Plant barcodes support previous data (Szymczakowski 1960; Warchałowski 1991) that C. musciformis feed on Onobrychis spp.; however, BLAST searches and the low resolution of sequences deposited in GenBank do not yield conclusive results as to which Onobrychis species is the host plant. Probably this leaf-beetle feeds on both Onobrychis species which can be found in xerothermic grasslands and steppes (O. viciifolia and O. arenaria) but not on O. montana, as this species is restricted only to higher mountains. In the studied populations, no individual fed on Anthyllis or Rumex, so at least in Poland this leaf-beetle seems to be monophagous (limited to only Onobrychis), but this may change if more individuals are studied. Also a single specimen from Ukraine fed on Onobrychis spp. This is a very interesting result as, to the best of our knowledge, no other study has shown that host plant DNA could be isolated and amplified from museum specimens. Still, this specimen was not very old (c. 14 years old) and the plant barcodes had quite short sequences (c. 400 bp for trnL and two fragments of c. 300 bp for matK), which made PCR possible. An interesting finding is that a C. musciformis specimen from Slovakia feed on Lotus spp. or Dorycnium pentaphyllum (both Fabaceae), which supports the findings of Böhme (2001). These plants have not been reported as host plants for C. musciformis, so our results are the first to prove that this species can feed on different plant species in different parts of its range. Some discrepancy of host plant identification based on two plant barcodes used in this work are probably caused by two factors. One is the low resolution power of barcode genes for plant species identification. Second is the much larger database available for the trnL barcode than for matK gene in the GenBank. This large accessibility of trnL sequences in GenBank make this gene more useful for ecological studies than other standard plant barcodes (like rbcL and matK genes; CBOL Plant Working Group 2009). And indeed, trnL barcode has been successfully used in studies on host plant–beetles interactions (Jurado-Rivera et al. 2009; Navarro et al. 2010).

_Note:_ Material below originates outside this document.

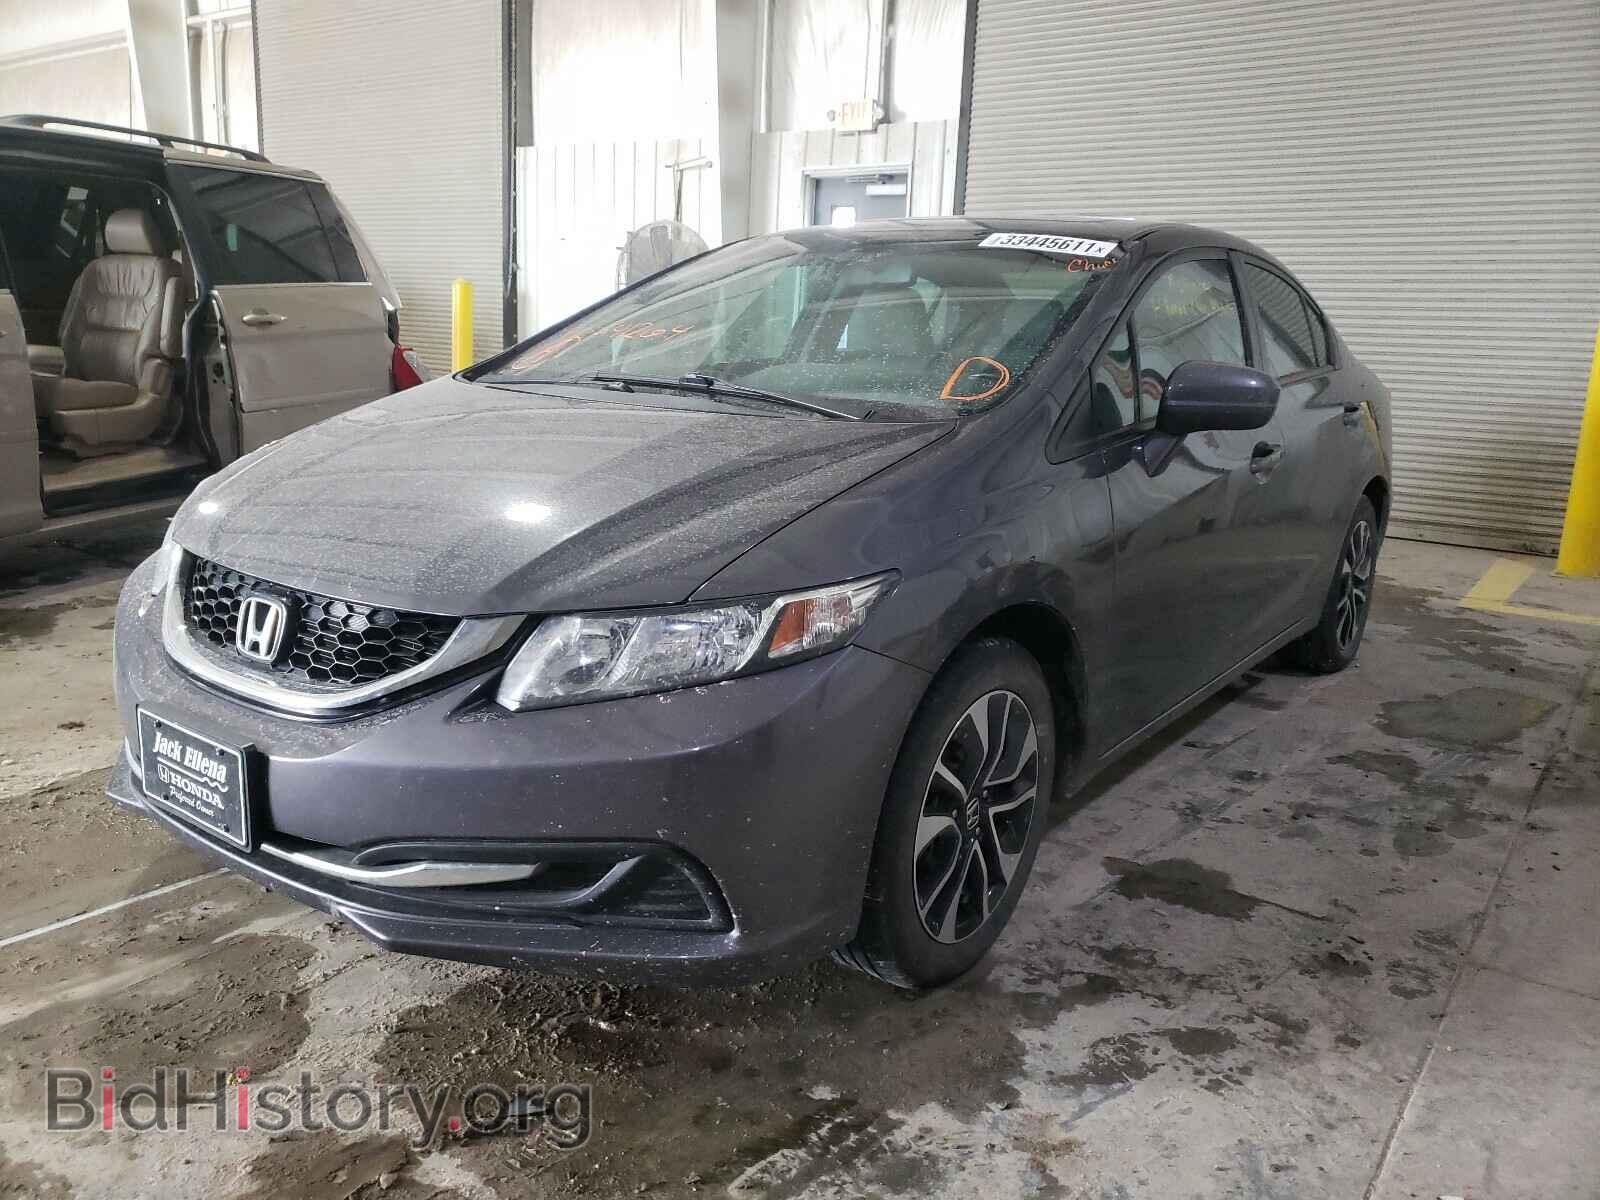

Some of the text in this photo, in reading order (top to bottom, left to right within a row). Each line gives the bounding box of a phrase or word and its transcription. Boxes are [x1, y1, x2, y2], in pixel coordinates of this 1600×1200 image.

Clear differences between the Polish populations and the outermost ones (southern and eastern) prove that C. musciformis is Poland represents a distinct genetic unit, which should be taken into account in conservation planning and should be verified taxonomically. Also information on host plants can be a valuable tool for conservation planning in respect of this leaf-beetle in Poland. As this species is very rare and endangered in Poland and its range has been shrinking, some conservation action must be undertaken. The most probable actions include translocations of individuals among populations and the reintroduction of this beetle in some previously inhabited localities or in new places. In such localities it is essential to assure the presence of Sainfoins on xerothermic grasslands in good condition (dry grasslands without weeds, shrubs or trees). The almost complete absence of genetic diversity of Polish populations does not augur well for this species due to possible problems with inbreeding and a risk of extinction of some populations, which has probably happened to the northernmost and westernmost ones in the near past. As Polish C. musciformis is distinct from other populations of this beetle, the responsibility for this unit rests with Poland, and it is not enough to just include this species in the Red Data Book of Endangered Animals. C. musciformis must be protected by Polish law, and special protection of its populations and habitats should be started immediately.